• _TASK BRIEF_: Type out each entry exactly as it appears, but keep every image out.

• _RECORD EXCERPTS_:
[Start of section]

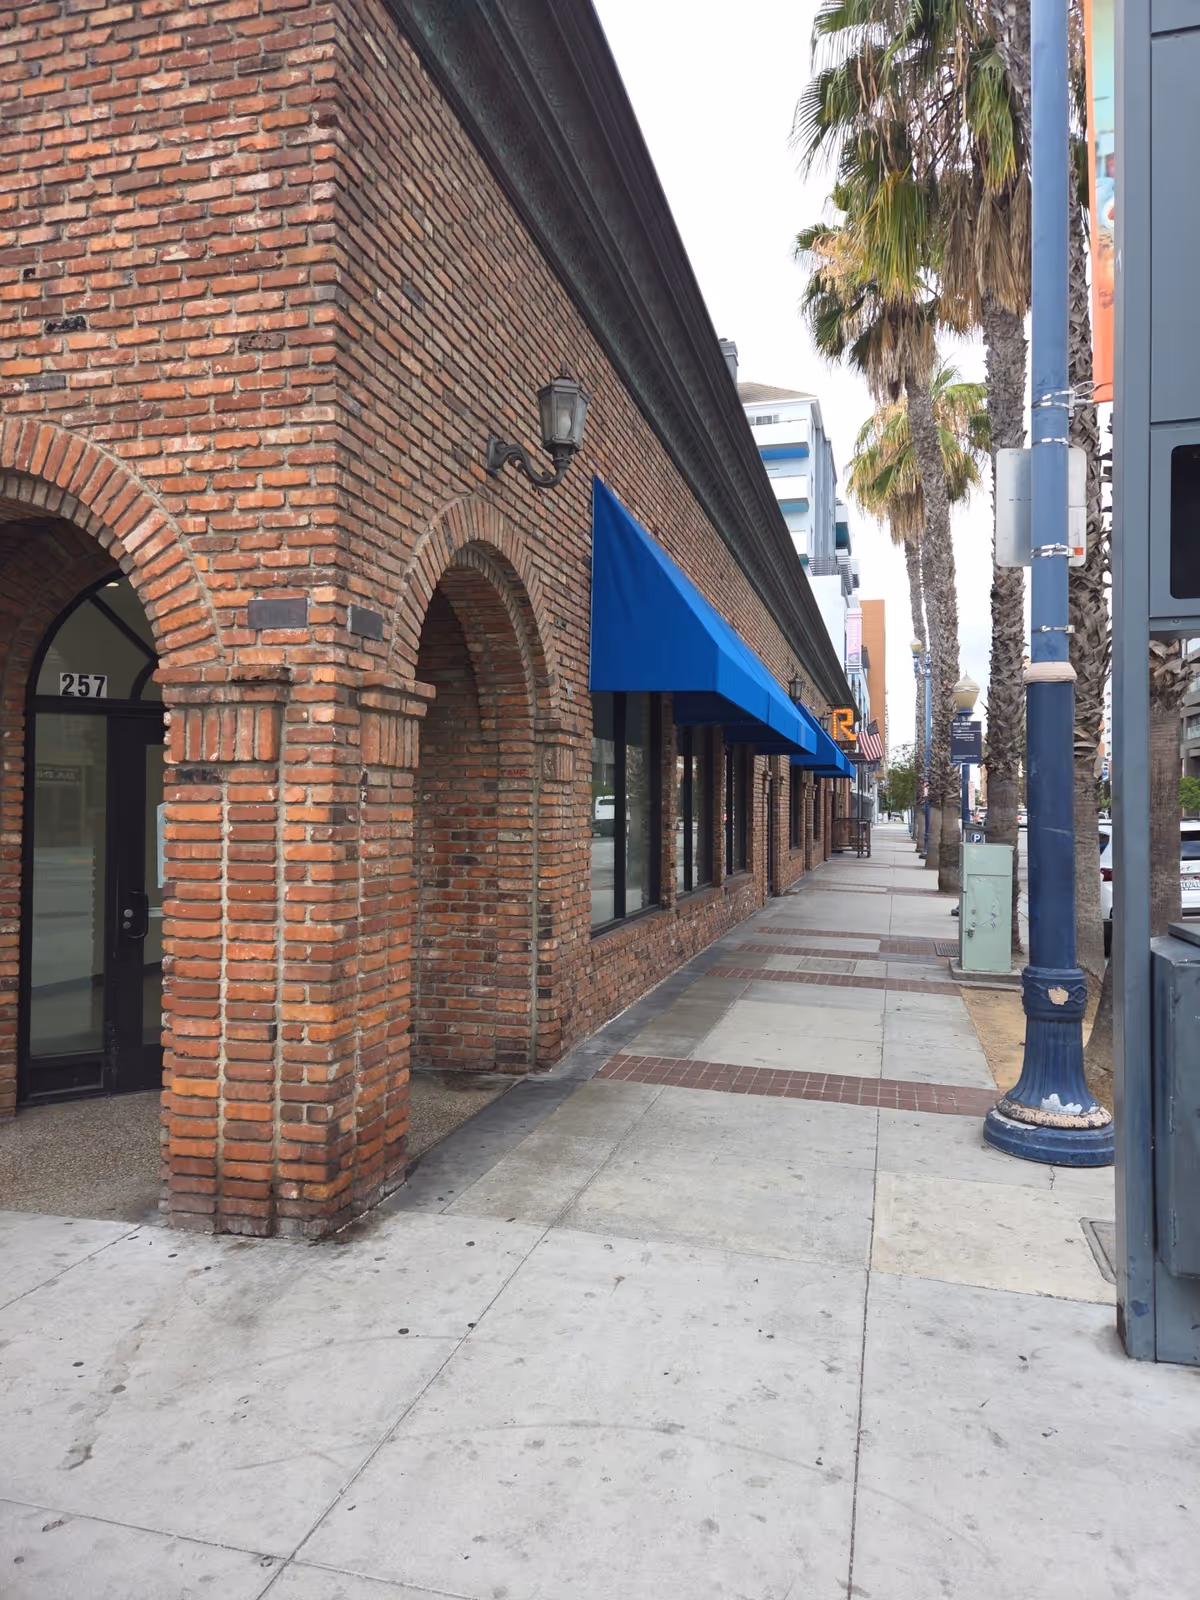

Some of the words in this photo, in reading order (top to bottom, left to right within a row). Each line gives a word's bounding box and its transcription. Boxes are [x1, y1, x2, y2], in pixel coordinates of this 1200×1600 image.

[61, 673, 106, 698] 257
[832, 708, 857, 741] R
[973, 834, 981, 843] P
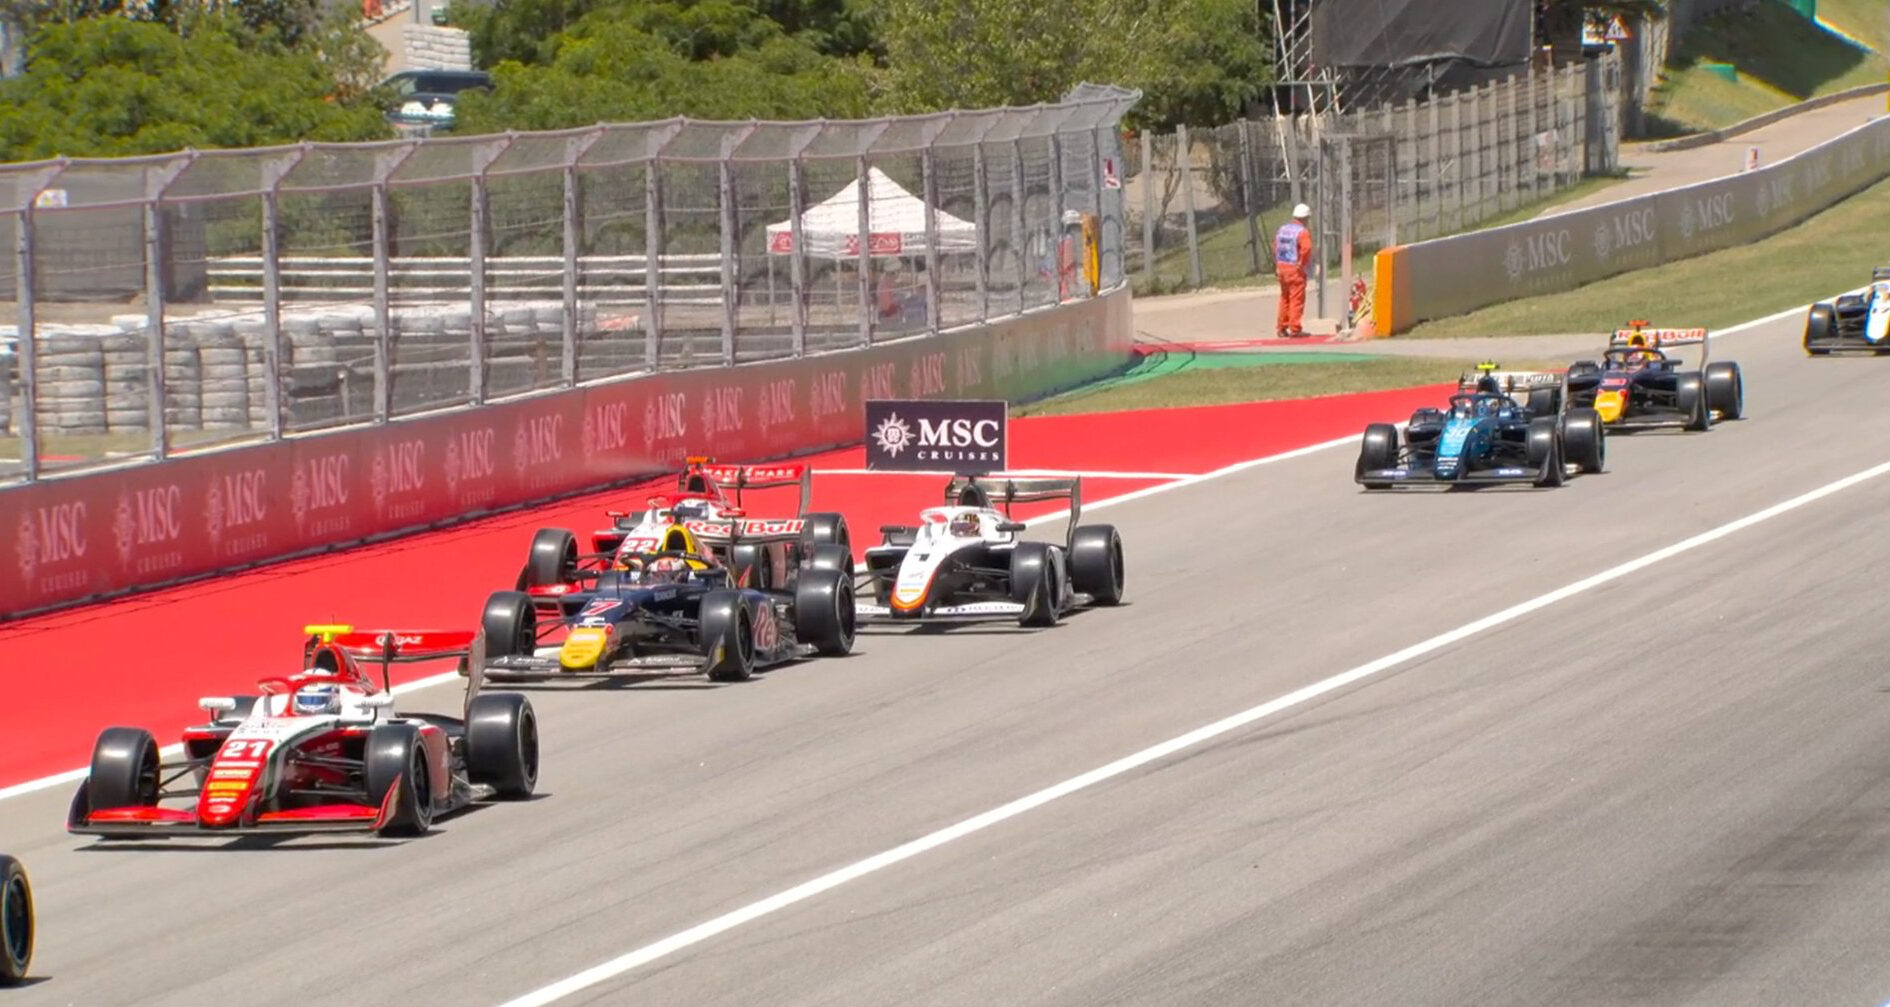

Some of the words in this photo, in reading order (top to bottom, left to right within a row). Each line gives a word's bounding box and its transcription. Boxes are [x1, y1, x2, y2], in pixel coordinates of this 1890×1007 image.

[End of section]

• _EXERCISE OUTPUT_:
Some of the words in this photo, in reading order (top to bottom, left to right within a row). Each line gives a word's bounding box and its transcription. Boxes are [x1, y1, x2, y2], in pixel coordinates of this 1200×1600 image.

[61, 673, 106, 698] 257
[832, 708, 857, 741] R
[973, 834, 981, 843] P

Some of the words in this photo, in reading order (top to bottom, left to right within a row). Each line gives a word's bounding box and its transcription. Boxes are [x1, y1, x2, y2], in pixel coordinates of this 1890×1007 image.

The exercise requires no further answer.